Sometimes when we copy cells, we want to make an exact duplicate. This tutorial teaches you exactly how to do that.
Typically, when a cell is copied, references in the formula in the new cells shifts relative to their location to the original cell unless the cell reference is locked. A simple example below:
C2 links to A2 A2 is copied and pasted to A4
C3 links to A3 automatically
To prevent the link from changing, there are 2 ways:
- You can either use the $ sign to lock in the reference, please refer to [cell locking].
- However, sometimes there are just too many cells to deal with, or it involves complex formulas. The easiest way is to convert the formulas into text, copy the text into the new destination cells, and turn the text back into formulas.
Step by step instructions:
- Highlight the cells you want to duplicate.
- Search for “##” and make sure that there are no matches. If there are, skip to the end.
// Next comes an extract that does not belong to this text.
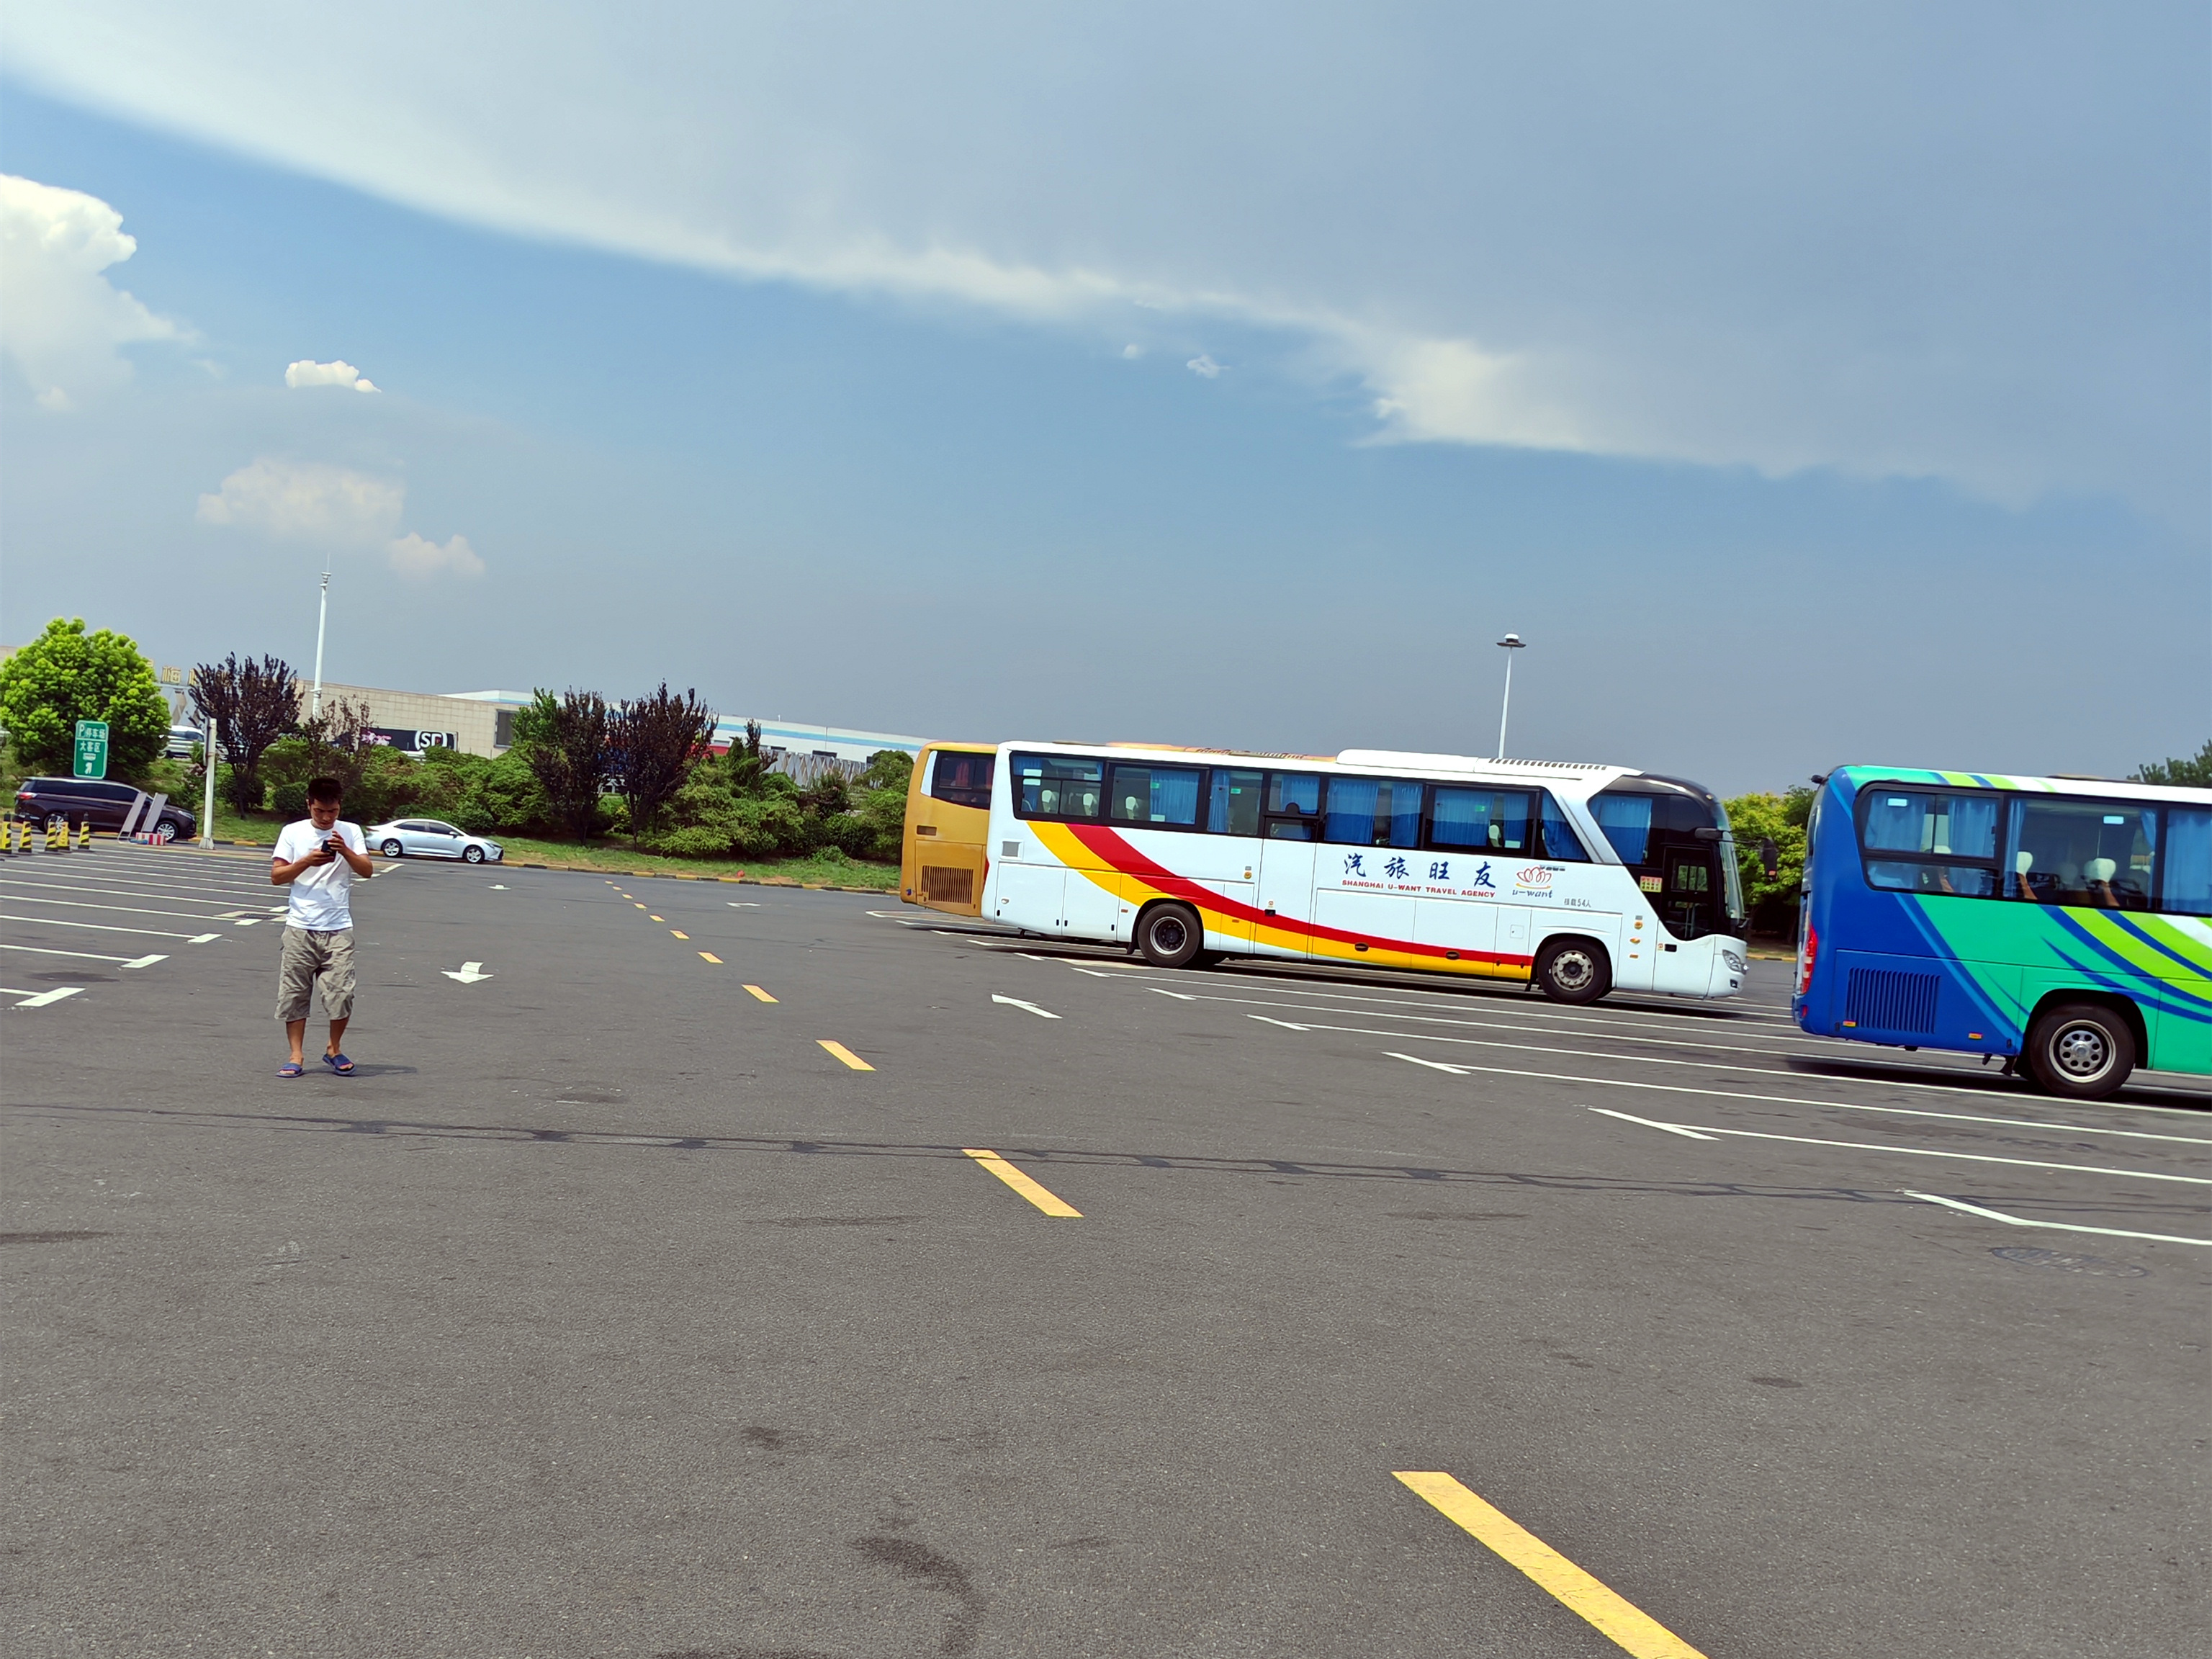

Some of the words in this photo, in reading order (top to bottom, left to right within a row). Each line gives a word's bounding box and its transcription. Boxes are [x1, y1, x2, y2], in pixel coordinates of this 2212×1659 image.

- Replace the equal sign “=” with “##”. The formulas will turn to text, which is exactly what you want.
- Copy the highlighted cells and paste them to the destination cells. None of the cell’s contents will change. Perfect!
- Highlight both sets of formulas.
- Replace “##” with “=”. Your cells instantly turn into calculated formulas.
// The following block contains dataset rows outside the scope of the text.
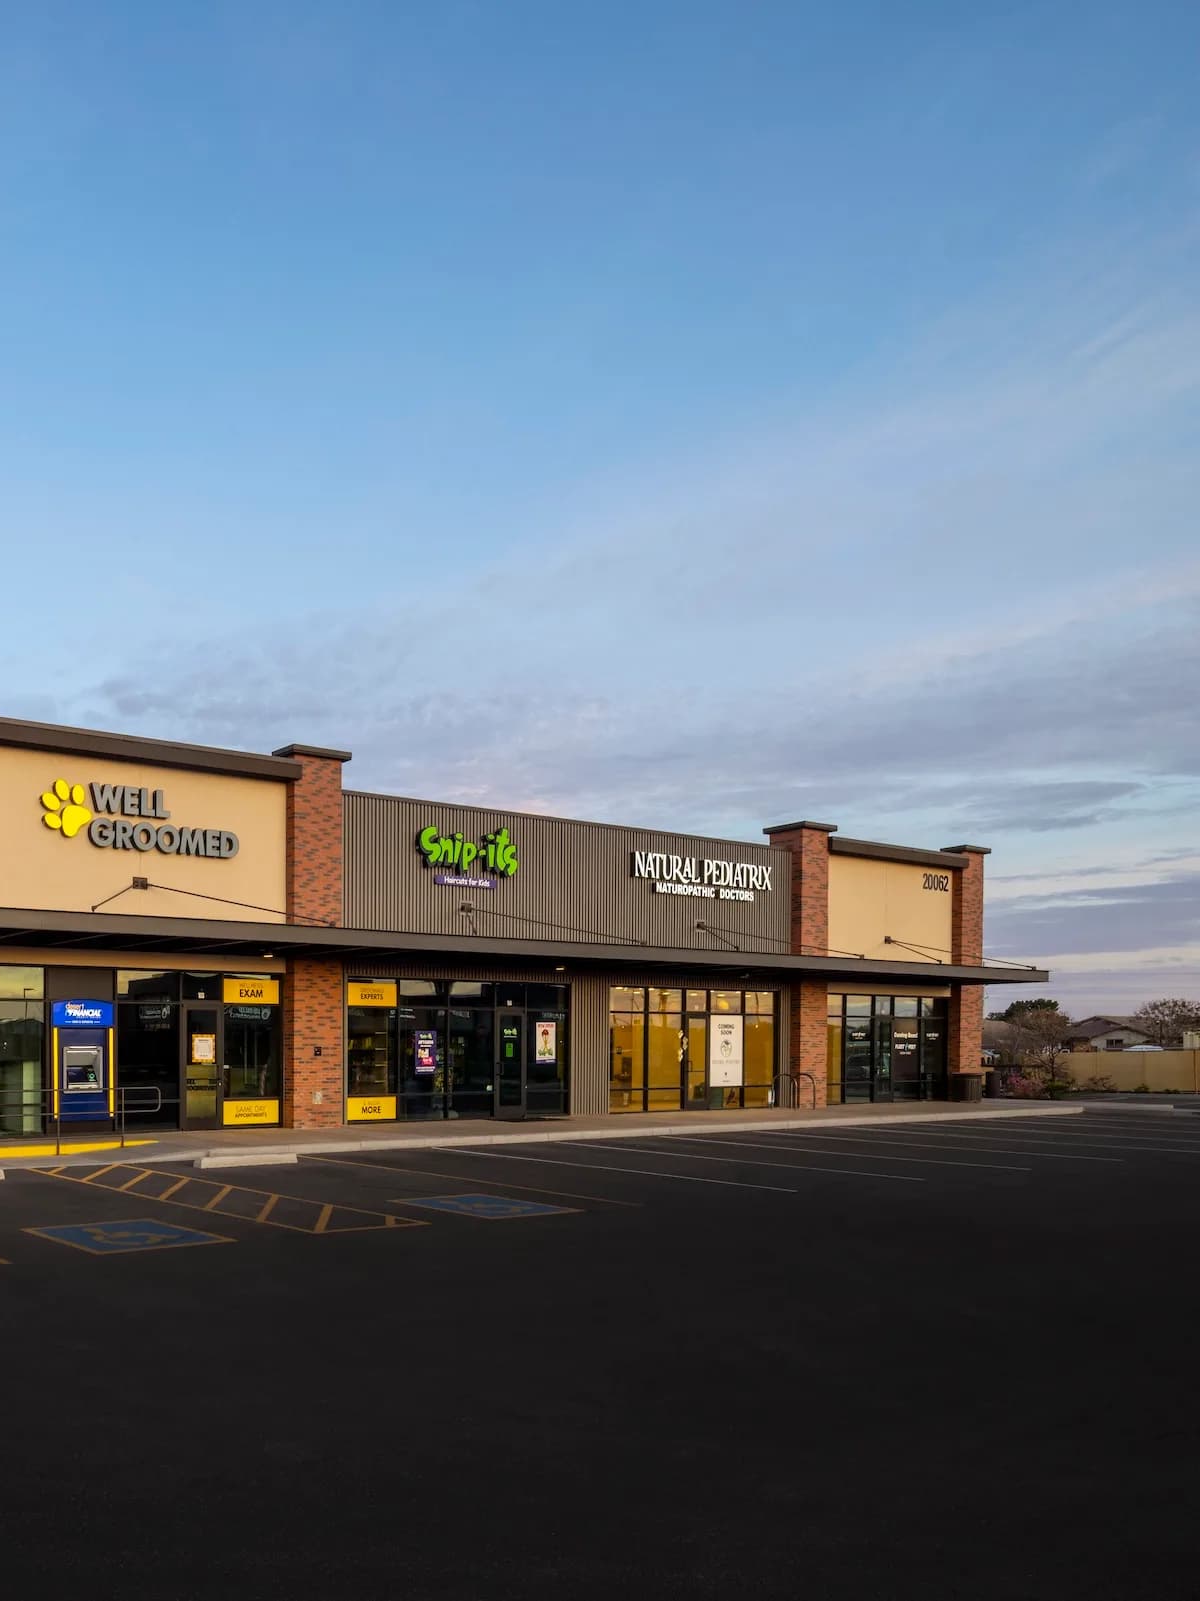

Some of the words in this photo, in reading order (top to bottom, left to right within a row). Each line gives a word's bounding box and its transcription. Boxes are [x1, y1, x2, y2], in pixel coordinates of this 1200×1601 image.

[88, 782, 171, 819] WELL
[88, 817, 240, 859] GROOMED
[634, 851, 701, 884] NATURAL
[703, 859, 772, 891] PEDIATRIX
[444, 876, 468, 886] Haircuts
[468, 877, 478, 886] for
[478, 879, 491, 887] Kids
[922, 872, 950, 892] 20062
[655, 883, 716, 898] NATUROPATHIC
[719, 889, 755, 902] DOCTORS
[239, 989, 264, 998] EXAM
[361, 1106, 382, 1114] MORE
It is rare that there are matches in step 2, however, if you do, please read. If there are matches to step 2, you need to find a unique string of text with no matches, because in step 6, you will replace all the “##” with “=”. If the cells originally has “##” before the duplicating, they will be converted to “=” too. Sometimes you can get away with using a longer string of text “###”, or you can go creative with “#x#”, etc. As long as you get rid of the “=”, its fine.